Collected data:
--- START ---
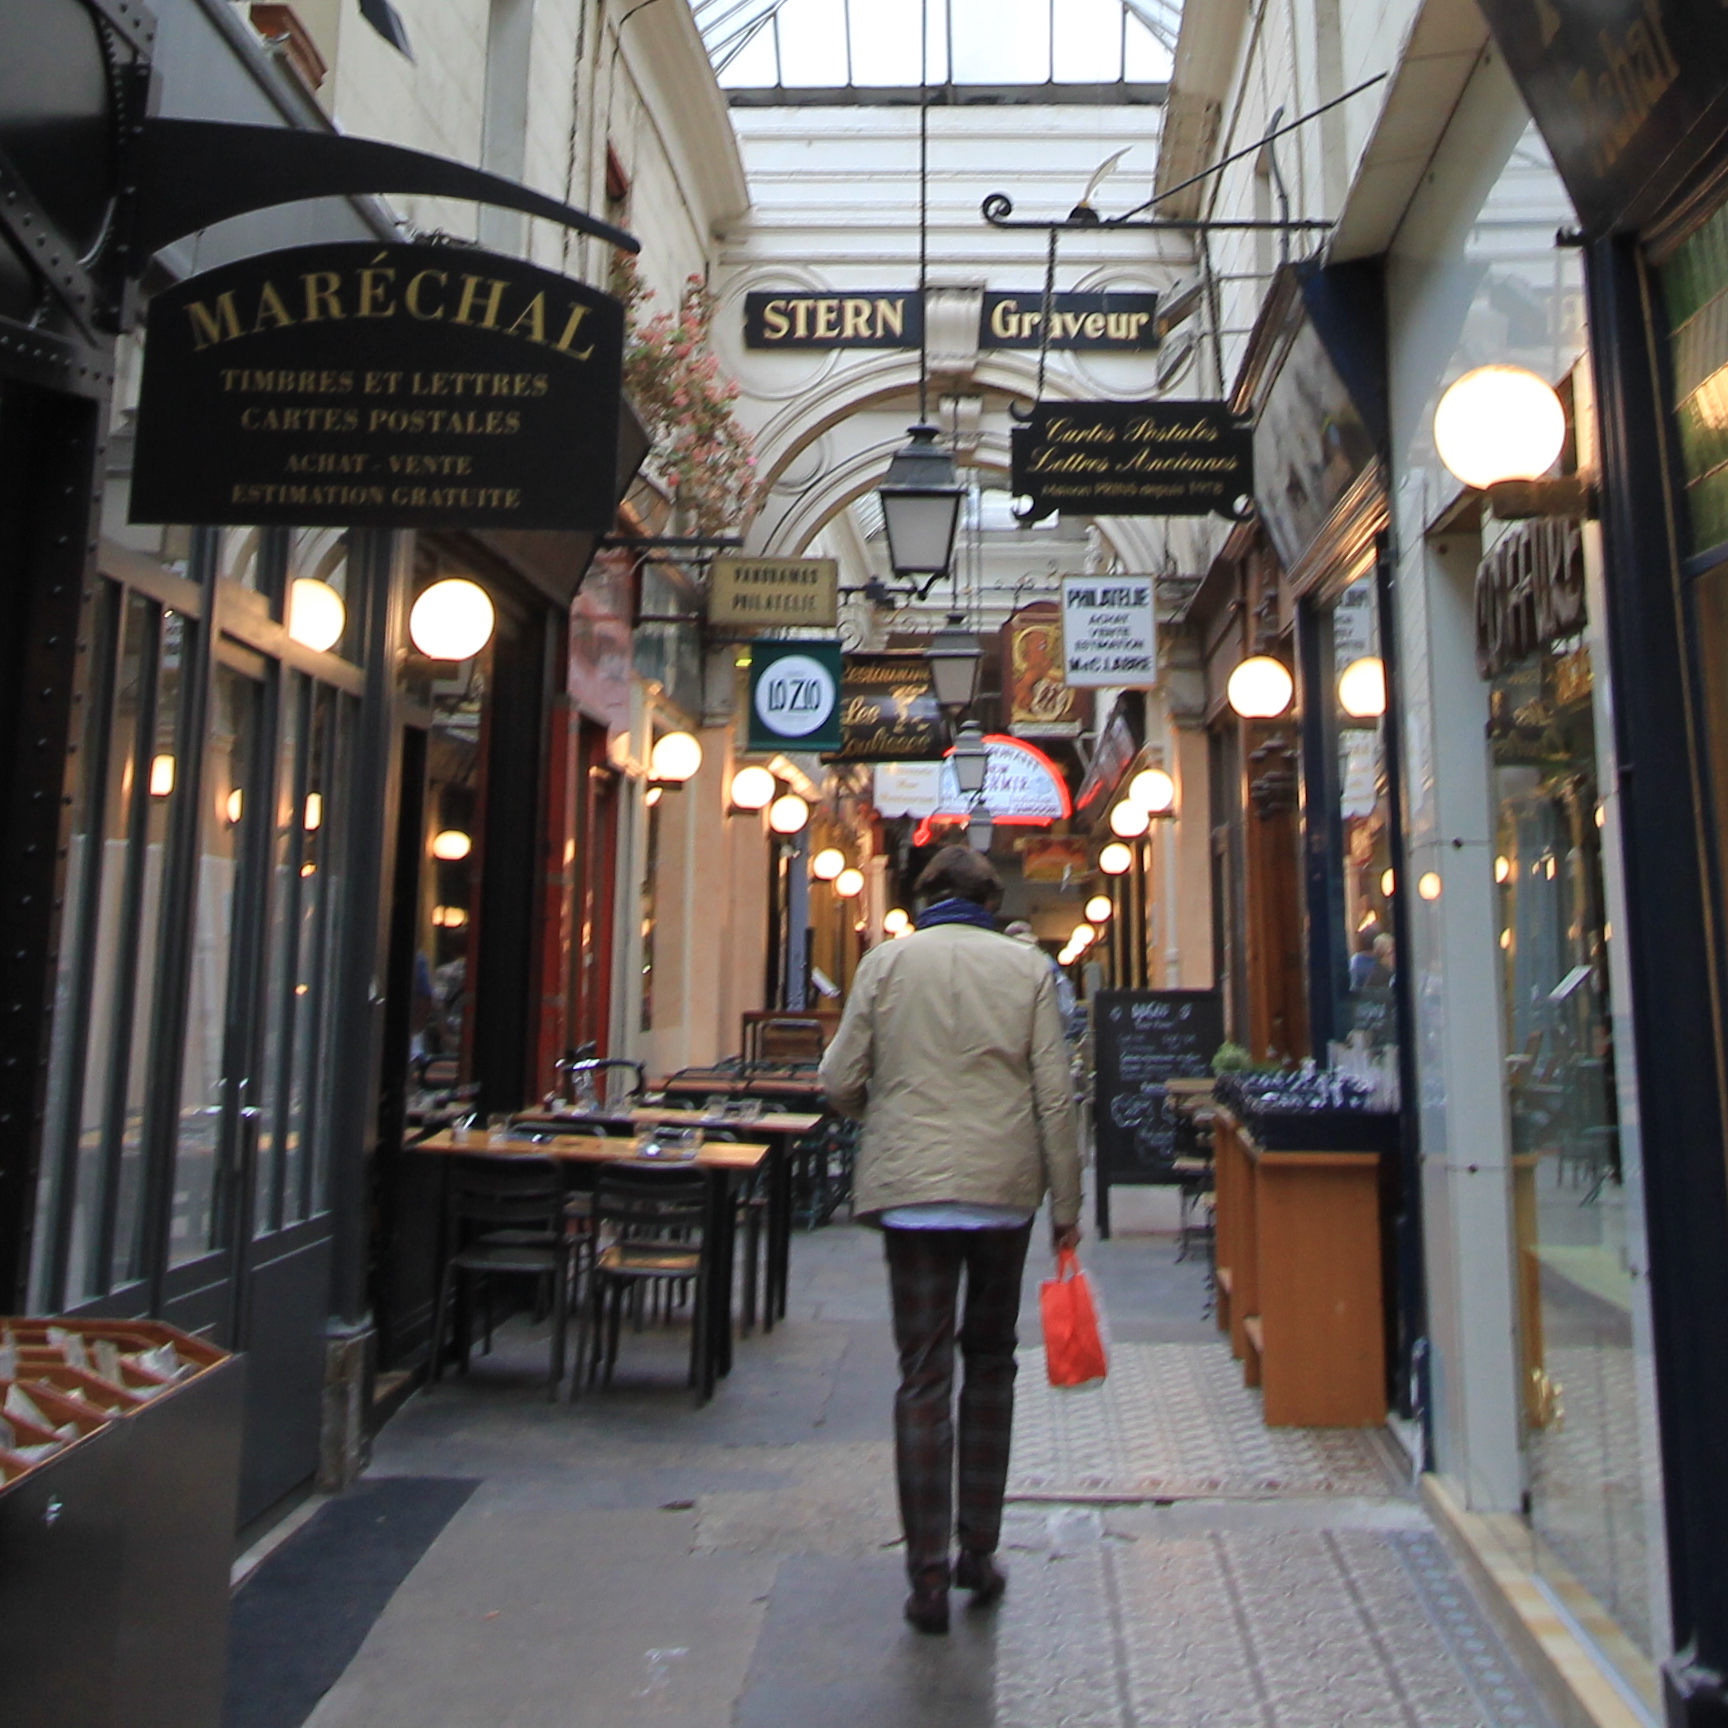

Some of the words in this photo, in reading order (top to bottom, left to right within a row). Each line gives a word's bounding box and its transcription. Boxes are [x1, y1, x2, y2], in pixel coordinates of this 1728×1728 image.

[183, 250, 595, 362] MARÉCHAL
[763, 298, 905, 340] STERN
[990, 299, 1150, 340] Graveur
[221, 368, 354, 393] TIMBRES
[364, 371, 402, 395] ET
[411, 372, 549, 397] LETTRES
[240, 407, 359, 432] CARTES
[368, 409, 521, 434] POSTALES
[1045, 417, 1117, 443] Cartes
[1122, 418, 1219, 442] Postales
[284, 453, 370, 473] ACHAT
[388, 455, 472, 476] VENTE
[1027, 446, 1110, 472] Lettres
[1115, 446, 1240, 471] Anciennes
[232, 484, 385, 505] ESTIMATION
[391, 487, 521, 509] GRATUITE
[1067, 585, 1150, 609] PHILATELIE
--- END ---
Assignment:
Transcribe the records above exactly, leaving every picture out of the copy.

Response:
Some of the words in this photo, in reading order (top to bottom, left to right within a row). Each line gives a word's bounding box and its transcription. Boxes are [x1, y1, x2, y2], in pixel coordinates of this 1728×1728 image.

[183, 250, 595, 362] MARÉCHAL
[763, 298, 905, 340] STERN
[990, 299, 1150, 340] Graveur
[221, 368, 354, 393] TIMBRES
[364, 371, 402, 395] ET
[411, 372, 549, 397] LETTRES
[240, 407, 359, 432] CARTES
[368, 409, 521, 434] POSTALES
[1045, 417, 1117, 443] Cartes
[1122, 418, 1219, 442] Postales
[284, 453, 370, 473] ACHAT
[388, 455, 472, 476] VENTE
[1027, 446, 1110, 472] Lettres
[1115, 446, 1240, 471] Anciennes
[232, 484, 385, 505] ESTIMATION
[391, 487, 521, 509] GRATUITE
[1067, 585, 1150, 609] PHILATELIE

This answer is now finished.